Naming this isn’t a complaint about the features. They do real work, especially for the case where a user wants the same standing context applied across many sessions. The point is structural. Persistence features change what gets put in the workspace. They don’t give the model a workspace that survives between turns. The mechanism on the model side is unchanged.

The vendors themselves have been quietly drifting toward this framing in their own docs. Earlier marketing language for memory features leaned on “remembers” and “learns about you.” Newer documentation more often describes the mechanism: the system extracts facts, stores them, and includes them in future requests. The honest description is the mechanism description.

The right way to use memory features in practice is the same question one layer up: what to capture, what to leave out, when the accumulated memory file becomes the same kind of bloat problem a long CLAUDE.md becomes. The disciplines that govern session-level context probably apply unchanged. I haven’t seen this tested at the scale where it would matter.

The developer’s diagnostic move#

When the model misses something it was told earlier, the reflex is to repeat the instruction louder, often with a frustrated preface like, “as I said before.” This is the worst available move. It adds another layer of recent text to the transcript, which pulls attention further toward the recent end and away from wherever the original instruction lived. The instruction the developer wants the model to honor is now even harder to find.

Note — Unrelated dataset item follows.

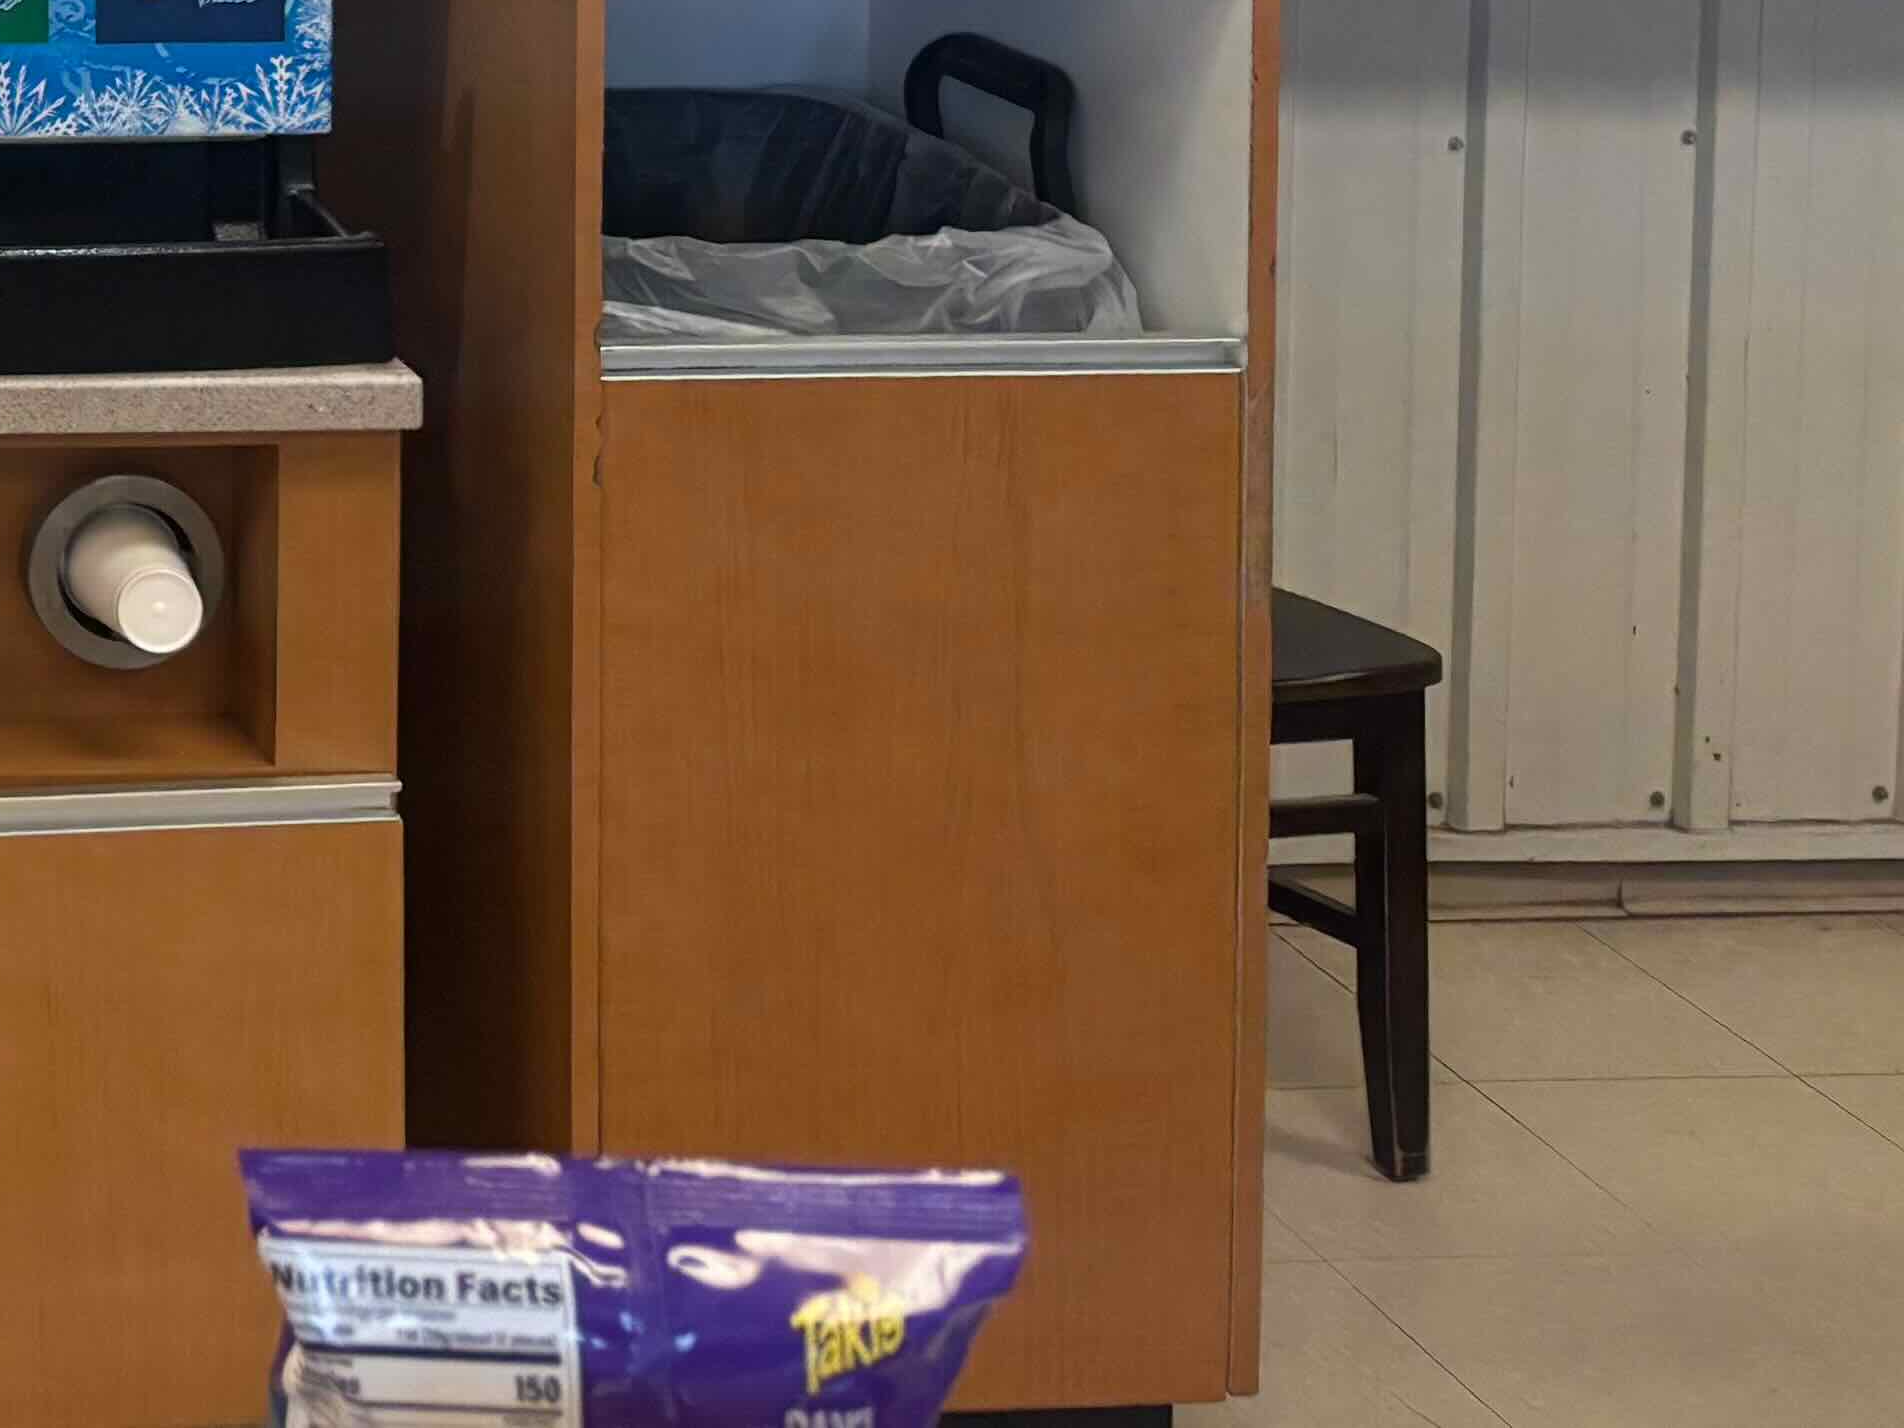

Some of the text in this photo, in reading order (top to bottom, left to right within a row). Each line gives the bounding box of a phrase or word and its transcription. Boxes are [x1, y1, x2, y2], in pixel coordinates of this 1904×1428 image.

[272, 1260, 562, 1305] Nutrition Facts
[789, 1282, 905, 1396] Takis
[514, 1374, 561, 1404] 150

The competent move is to scroll up, find the original instruction, and copy it into the current turn. Not “as I said before.” The literal text of what was said before, in the current message, where attention is strongest. This works because it puts the signal where attention is, not because the model is being more obedient the second time. The developer has done the work attention was supposed to do.

The same logic, generalized, is the discipline. Treat the transcript as a workspace the model re-reads from scratch every turn. When the relevant signal is buried, pull it forward. When the workspace is too cluttered to make pulling forward useful, start fresh and bring only what matters. The model isn’t failing to remember. The developer is failing to compose.

The continuation incident#

The cleanest version of corruption I’ve watched happen was a session that ran the context window out and had to be split. The first session ended with a captured summary intended to bootstrap the next one. The second session started with that summary and a directive to keep going. Within a few turns it began re-investigating questions the first session had already settled.

The second session never had the answers. The summary was wrong in a few places: the wrong commit was named as the working state, the list of remaining files was a turn out of date, and one resolved question was described in language that read as still-open rather than settled. The second session took the bytes it was given, reconstructed a model of where things stood, and the reconstruction had errors. The first session had real state. None of it survived. The second session built fresh from a lossy summary, and anywhere the compression had errors, the new session believed wrong things.

The mitigation that worked wasn’t more careful prompting on the second session. It was tightening the artifact: capturing concrete state (specific commit SHAs, exact remaining file lists, settled vs. open questions in unambiguous form) rather than narrative. Narrative was where the errors had crept in. Narrative was always going to be where they crept in, because narrative compresses lossily and the model can’t tell the difference between a faithful summary and a slightly drifted one.

The shape generalizes beyond this one incident. Whenever a session is continued, restarted, or handed off, the new session’s reality is whatever the artifact says. The artifact is the substrate. If the artifact lies, the new session believes it.

Sub-agents and fresh sessions are the structural answer#

If memory is re-reading, the lever is what is in the transcript when the re-read happens. Two patterns follow naturally, and both look like discipline more than tooling.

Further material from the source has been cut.